The reason for going through all the verbal torture above is to make the point that “we are all socialists.” The US is already socialist if you agree that about 17% of all US employees work for a local, state or federal government office. Or that the federal government’s debt is approaching 80% of the size of the economy. Or that federal, state, and local government tax revenues will soon reach $6.6 trillion or 36% of the national economy.

So this whole thing about the US becoming a social state is a red herring – no offense intended to small fish. Most of us operate in an environment of markets with a medium to heavy involvement of government. Thus we are both capitalist and socialist. Even China, once the leader of the Communist world, has deregulated many state-owned enterprises and has allowed market forces to effect prices, wages, and other key economic indicators.

So forget that Bernie Sanders is called a socialist or that America is going to become a socialist country. The real question is how to make America’s economy better or how to address our worst economic problems and make the economy work better for all of us. In pursuit of those goals we have a choice but it isn’t between capitalism or socialism. 

The choices are about how we use government to pursue these goals. On the far left we have ideas that essentially greatly increase government reaches. On the far right we have the opposite. There used to be a day when we had a middle approach that took it for granted that we probably should not greatly increase or decrease the role of government but should find ways to make the current extent of government work much better.
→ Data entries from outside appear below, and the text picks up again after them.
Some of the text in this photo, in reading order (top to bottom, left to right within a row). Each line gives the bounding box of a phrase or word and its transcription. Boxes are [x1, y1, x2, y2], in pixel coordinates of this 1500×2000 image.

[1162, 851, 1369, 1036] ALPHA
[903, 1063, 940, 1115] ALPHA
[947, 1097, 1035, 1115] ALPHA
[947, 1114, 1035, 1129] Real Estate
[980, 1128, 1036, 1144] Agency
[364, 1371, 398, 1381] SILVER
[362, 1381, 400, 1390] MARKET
A more moderate approach is a compromise and that satisfies almost no one. We could find solutions for the middle class and we could find ways to deal with global competition and industrialization. There are ways to create fairer taxes and more economic growth. But the sad thing is that we will never get any of these things because we would rather argue about who is socialist and who is not. 
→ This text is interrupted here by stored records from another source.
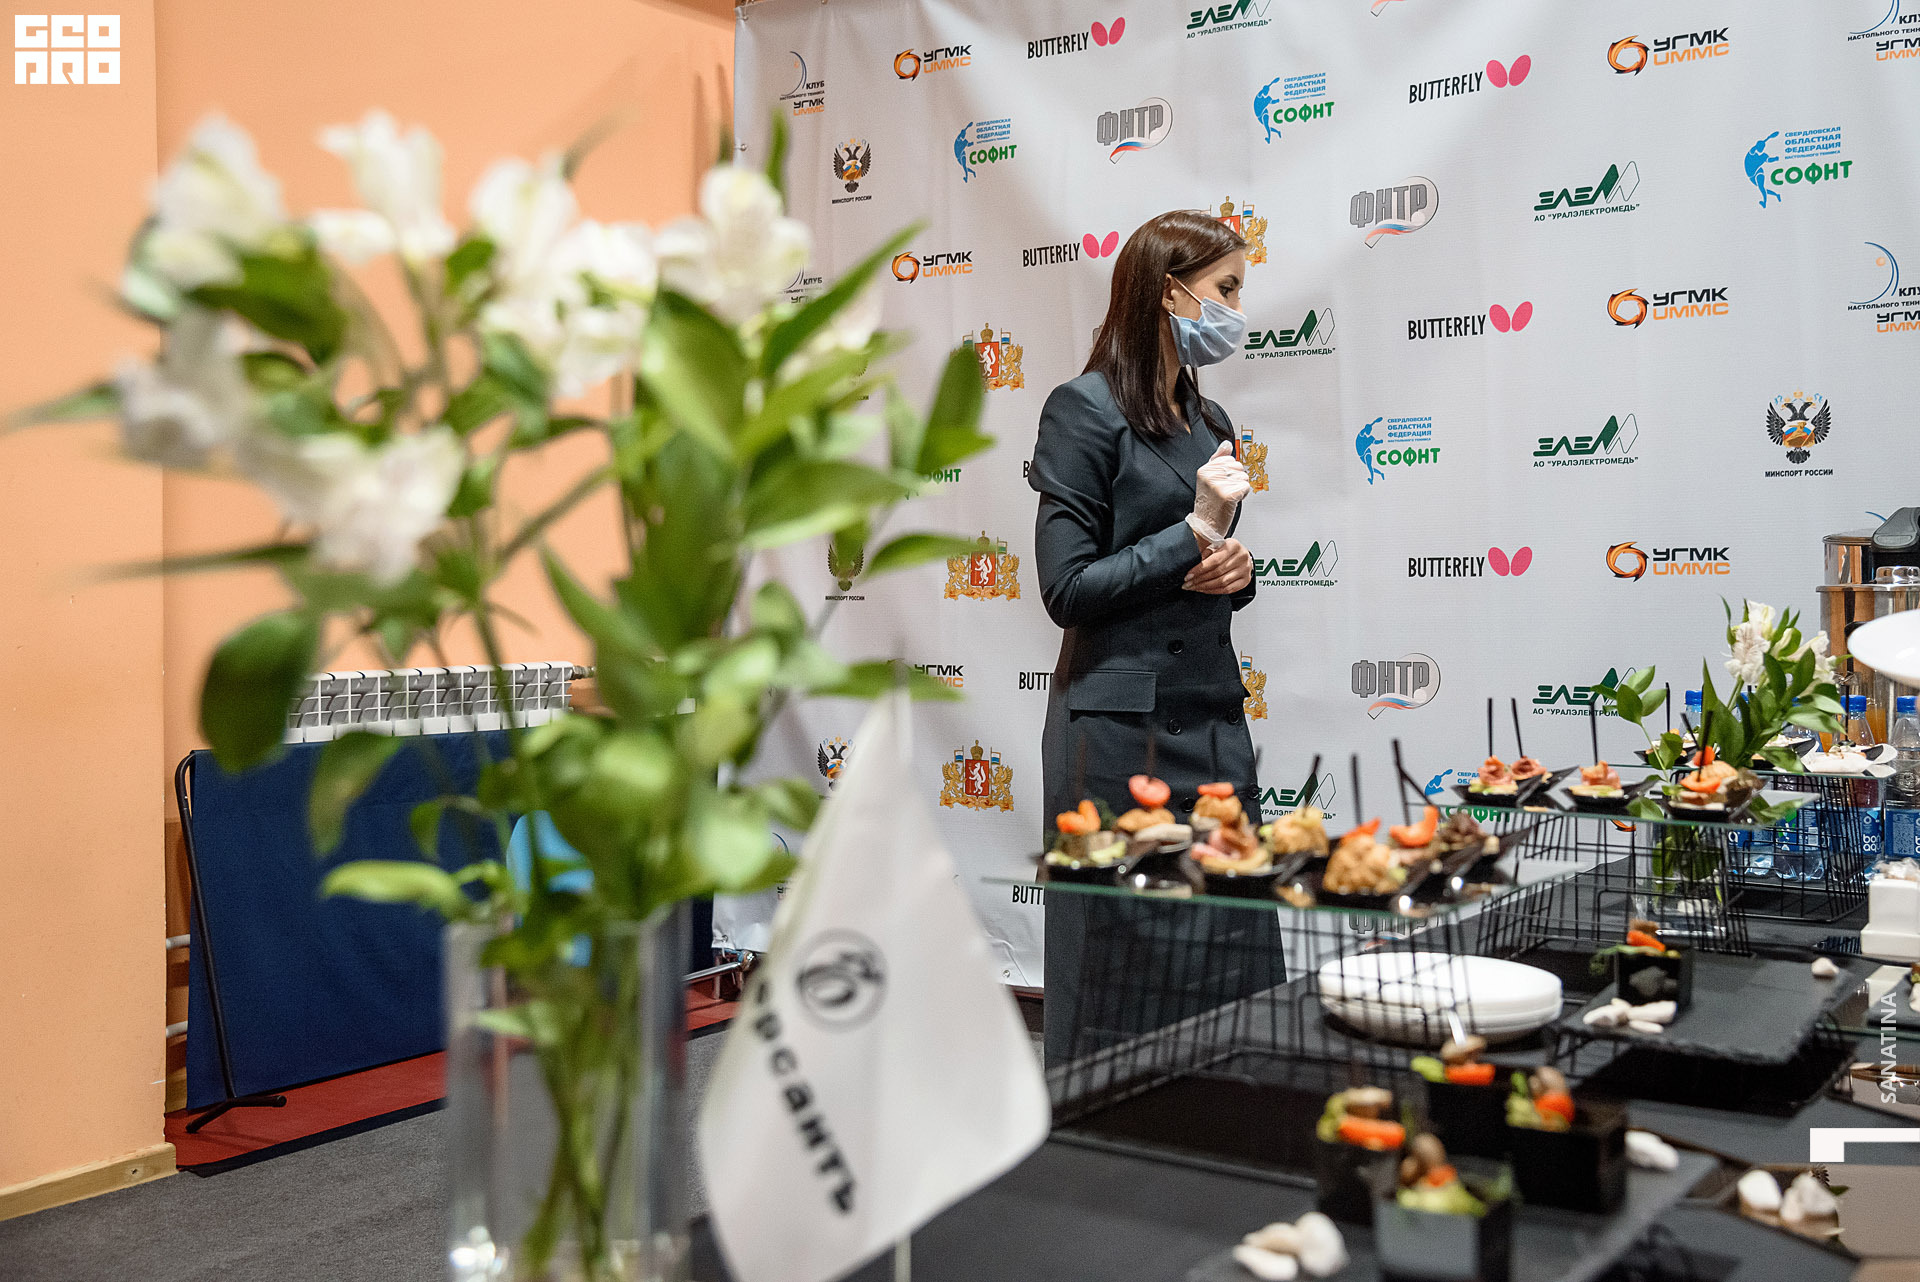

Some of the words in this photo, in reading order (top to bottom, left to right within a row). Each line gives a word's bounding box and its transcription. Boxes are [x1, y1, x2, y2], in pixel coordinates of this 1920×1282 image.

[1027, 32, 1089, 60] BUTTERFLY
[1653, 26, 1730, 52] УГМК
[924, 45, 972, 62] УГМК
[1653, 42, 1730, 67] UMMC
[924, 57, 971, 74] UMMC
[806, 80, 825, 90] КЛУБ
[1284, 78, 1326, 90] ОБЛАСТНАЯ
[1284, 85, 1326, 97] ФЕДЕРАЦИЯ
[1409, 71, 1484, 105] BUTTERFLY
[794, 97, 825, 109] УГМК
[794, 105, 825, 116] UMMC
[1273, 102, 1335, 124] СОФНТ
[1097, 105, 1164, 146] ФНТР
[1785, 126, 1841, 138] СВЕРДЛОВСКАЯ
[1785, 133, 1841, 146] ОБЛАСТНАЯ
[969, 144, 1017, 165] СОФНТ
[1785, 141, 1841, 154] ФЕДЕРАЦИЯ
[1770, 160, 1853, 186] СОФНТ
[856, 194, 872, 203] РОССИИ
[1349, 183, 1428, 230] ФНТР
[1534, 214, 1546, 223] АО
[923, 251, 972, 266] УГМК
[1022, 242, 1081, 268] BUTTERFLY
[923, 263, 973, 278] UMMC
[1653, 286, 1729, 307] УГМК
[1653, 302, 1729, 320] UMMC
[1407, 314, 1486, 341] BUTTERFLY
[1245, 352, 1255, 360] АО
[1387, 422, 1432, 431] ОБЛАСТНАЯ
[1387, 430, 1432, 438] ФЕДЕРАЦИЯ
[1376, 447, 1441, 467] СОФНТ
[1533, 459, 1545, 468] АО
[1764, 470, 1802, 478] МИНСПОРТ
[1804, 468, 1834, 477] РОССИИ
[1652, 546, 1730, 561] УГМК
[1407, 556, 1486, 578] BUTTERFLY
[1653, 561, 1731, 576] UMMC
[1351, 660, 1430, 699] ФНТР
[1533, 708, 1544, 716] АО
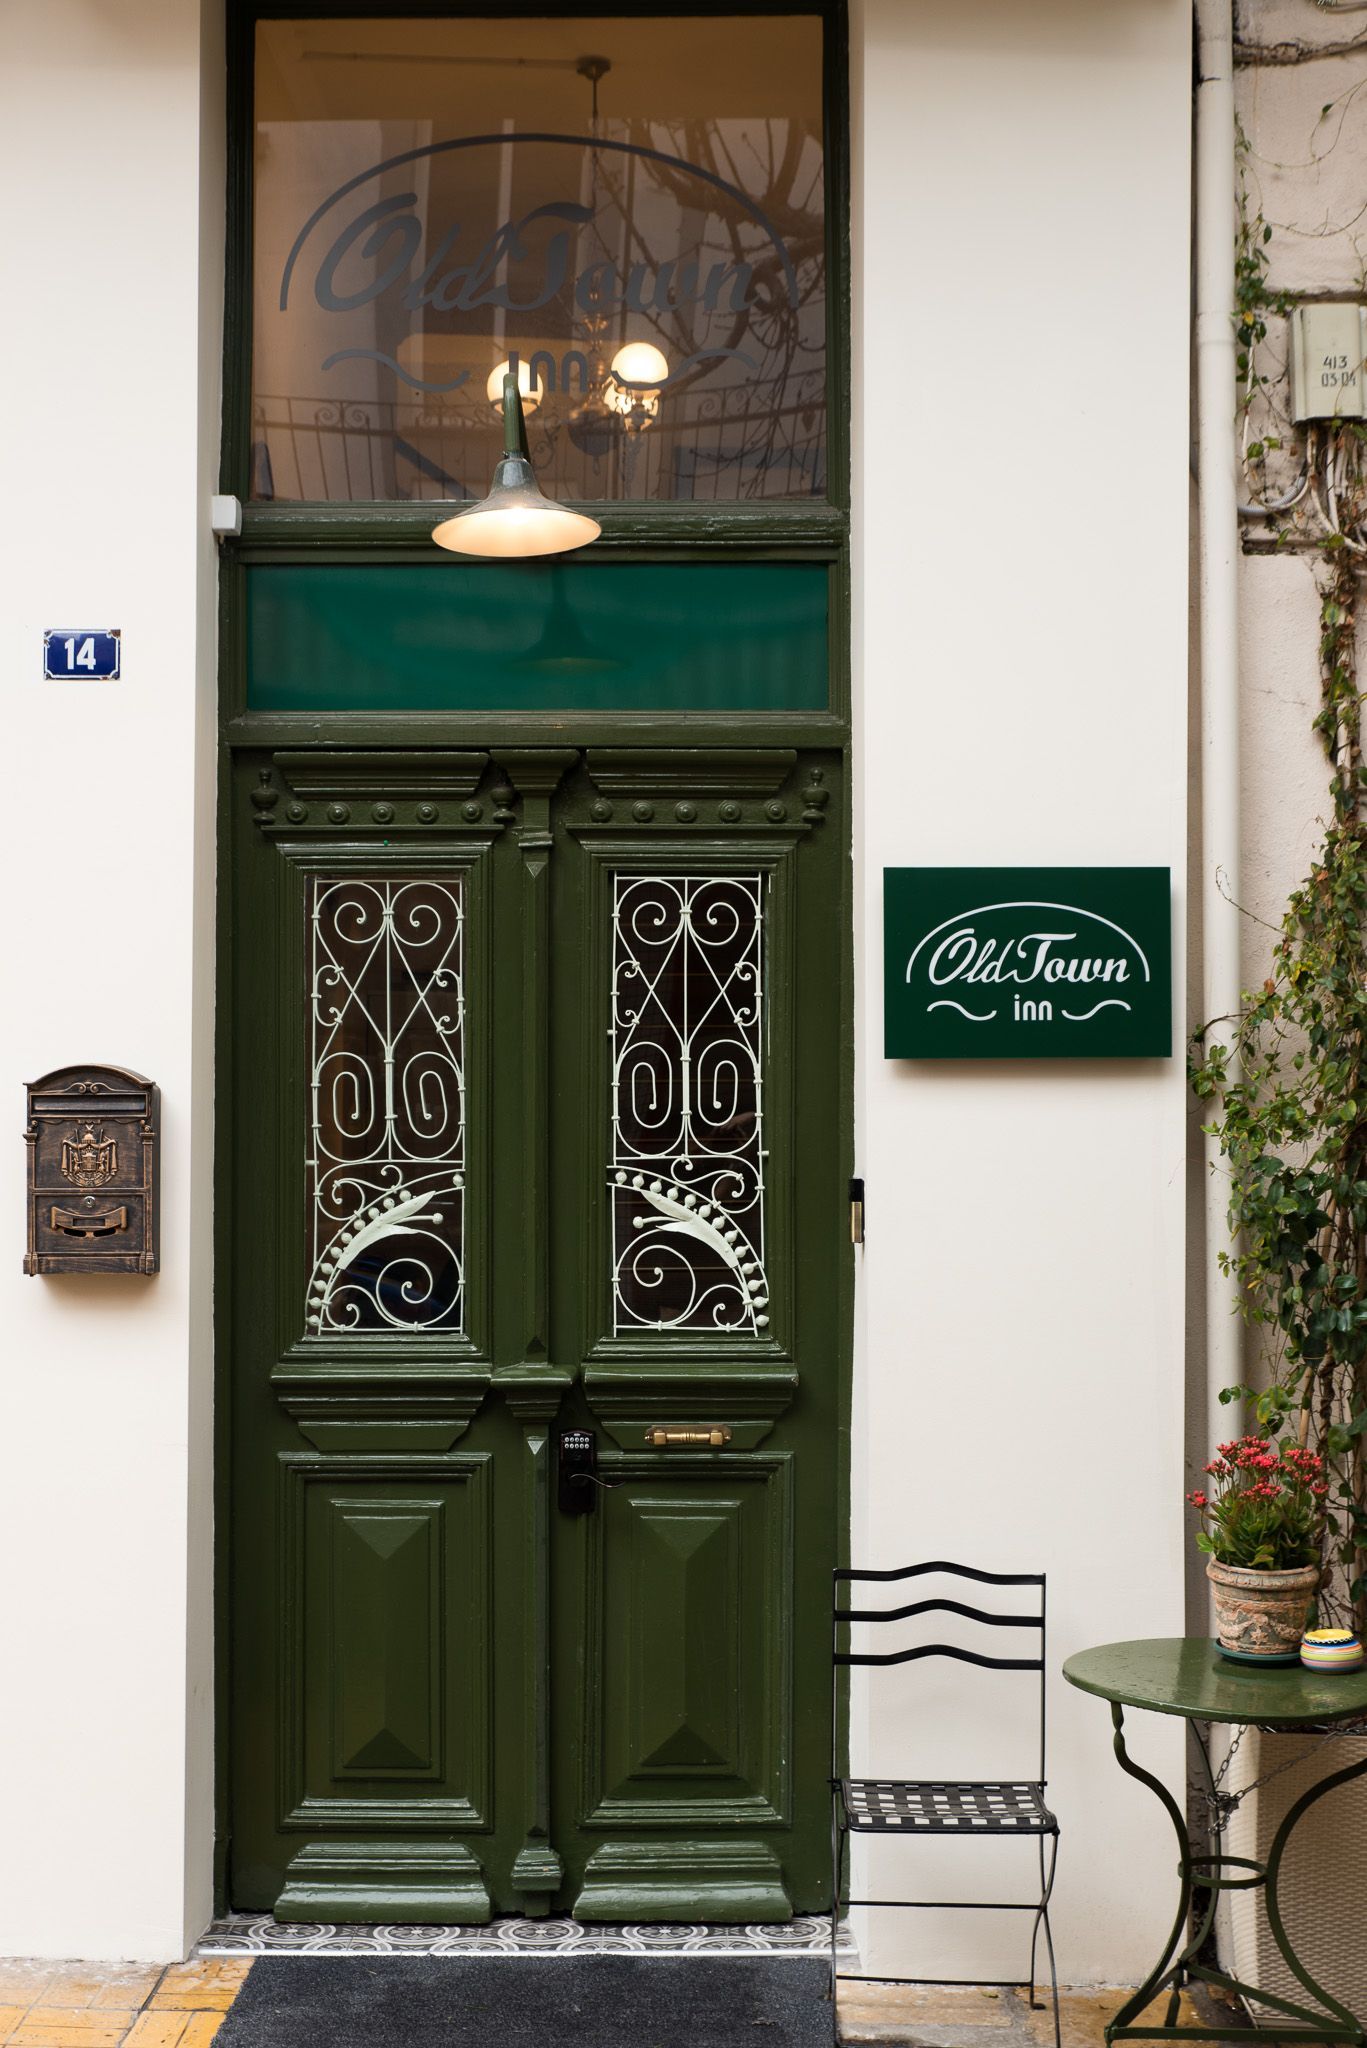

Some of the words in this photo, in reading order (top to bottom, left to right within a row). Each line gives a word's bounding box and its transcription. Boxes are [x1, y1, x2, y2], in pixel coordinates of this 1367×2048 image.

One last point about socialism. It seems odd that the people who seem to yell loudest about wanting socialism are the ones who do not live in socialist systems. In Cuba and China, for example, citizens would not be able to broadcast their opinions especially if they questioned socialist policies. And while capitalism may not be perfect it has a long way to go to equalize the economic sins of some socialist systems. In the Soviet Union one could go to the ballet for free -- but many people had to wait decades to receive an apartment or replacement parts for their dilapidated Ladas. Imagine the chagrin of Venezuelans today as the government stopped the expensive practice of virtually giving away goods to the people (7 cents per gallon of gasoline!). And finally, I just saw a report that China has more billionaires than the US. What does that tell you about distribution of income in China?
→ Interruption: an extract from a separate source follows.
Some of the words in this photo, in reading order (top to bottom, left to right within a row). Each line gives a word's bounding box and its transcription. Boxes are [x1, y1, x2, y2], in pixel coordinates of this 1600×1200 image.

I see some of you folks at the gym now and then. A couple of you approached me the other day and asked me about my solutions. They were frustrated that I point out the defeatist nature of warring ideologies without suggesting any remedies. I have to admit that I don’t have any real solutions. But I can say that I wonder if democracy is still a viable system when the voters themselves line up in ideological extremes. We haven’t always been that way in America. How did we get there? And if I am right, is there a path back to compromise and meaningful negotiation among people with different opinions and solutions? No I don't have the answer. Do you? It might be the question of our times!